- Supplied material -
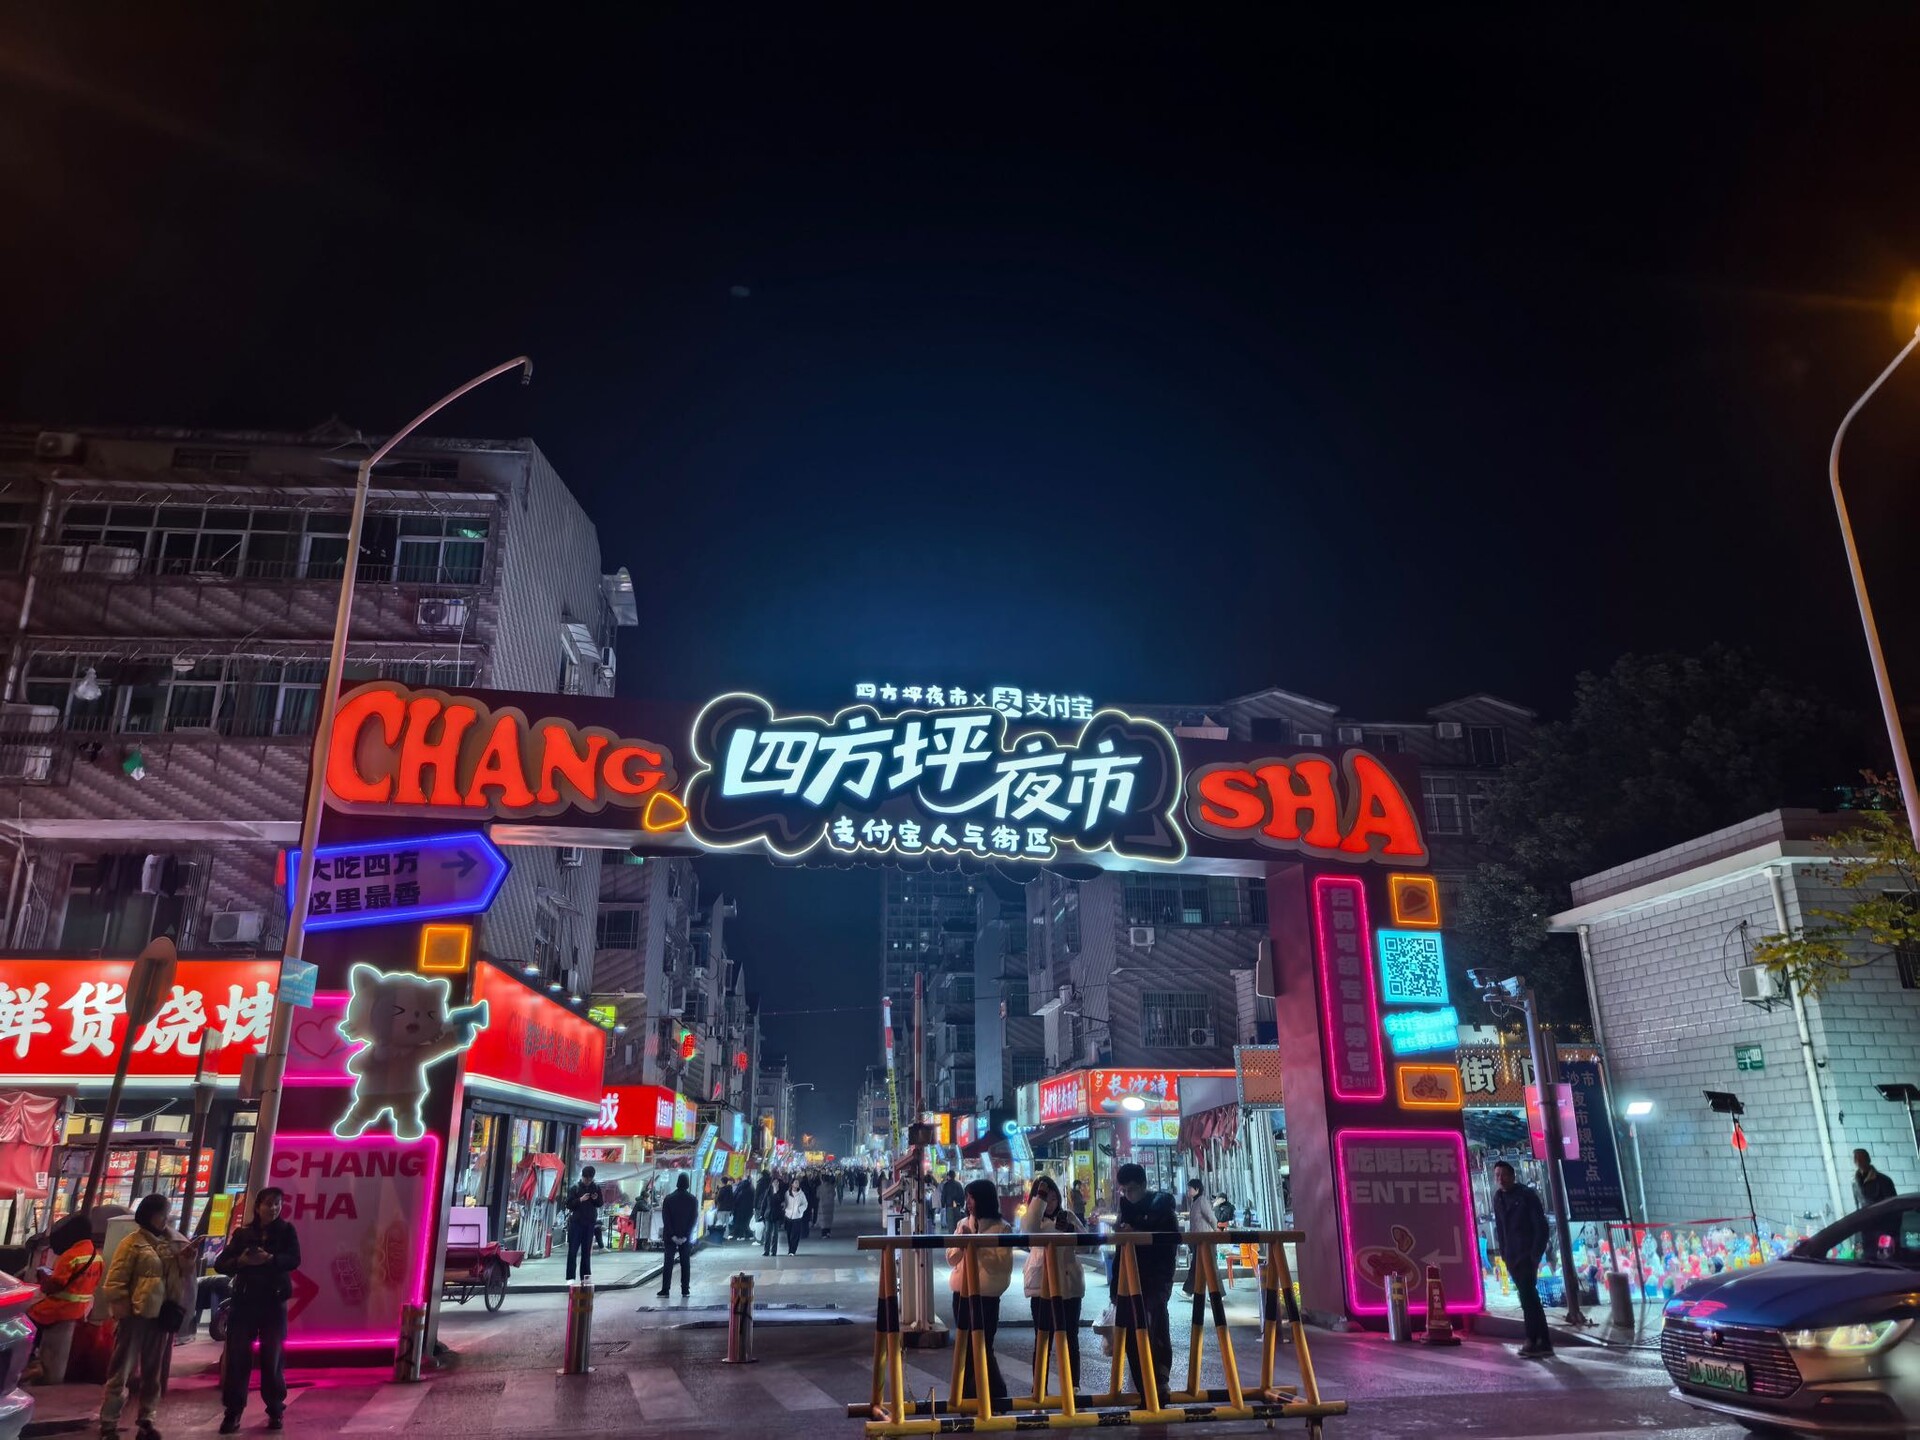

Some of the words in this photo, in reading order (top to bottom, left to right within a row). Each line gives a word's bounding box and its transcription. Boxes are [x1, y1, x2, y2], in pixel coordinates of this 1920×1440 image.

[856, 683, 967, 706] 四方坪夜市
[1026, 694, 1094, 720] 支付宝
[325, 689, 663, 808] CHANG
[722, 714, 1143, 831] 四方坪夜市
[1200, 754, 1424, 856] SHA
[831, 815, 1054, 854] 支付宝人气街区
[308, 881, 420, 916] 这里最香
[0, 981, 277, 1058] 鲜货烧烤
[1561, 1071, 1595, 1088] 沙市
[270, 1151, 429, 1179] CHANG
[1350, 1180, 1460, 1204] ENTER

- Try it -
Copy the records exactly. Skip the pictures.

- Problem solution -
Some of the words in this photo, in reading order (top to bottom, left to right within a row). Each line gives a word's bounding box and its transcription. Boxes are [x1, y1, x2, y2], in pixel coordinates of this 1920×1440 image.

[856, 683, 967, 706] 四方坪夜市
[1026, 694, 1094, 720] 支付宝
[325, 689, 663, 808] CHANG
[722, 714, 1143, 831] 四方坪夜市
[1200, 754, 1424, 856] SHA
[831, 815, 1054, 854] 支付宝人气街区
[308, 881, 420, 916] 这里最香
[0, 981, 277, 1058] 鲜货烧烤
[1561, 1071, 1595, 1088] 沙市
[270, 1151, 429, 1179] CHANG
[1350, 1180, 1460, 1204] ENTER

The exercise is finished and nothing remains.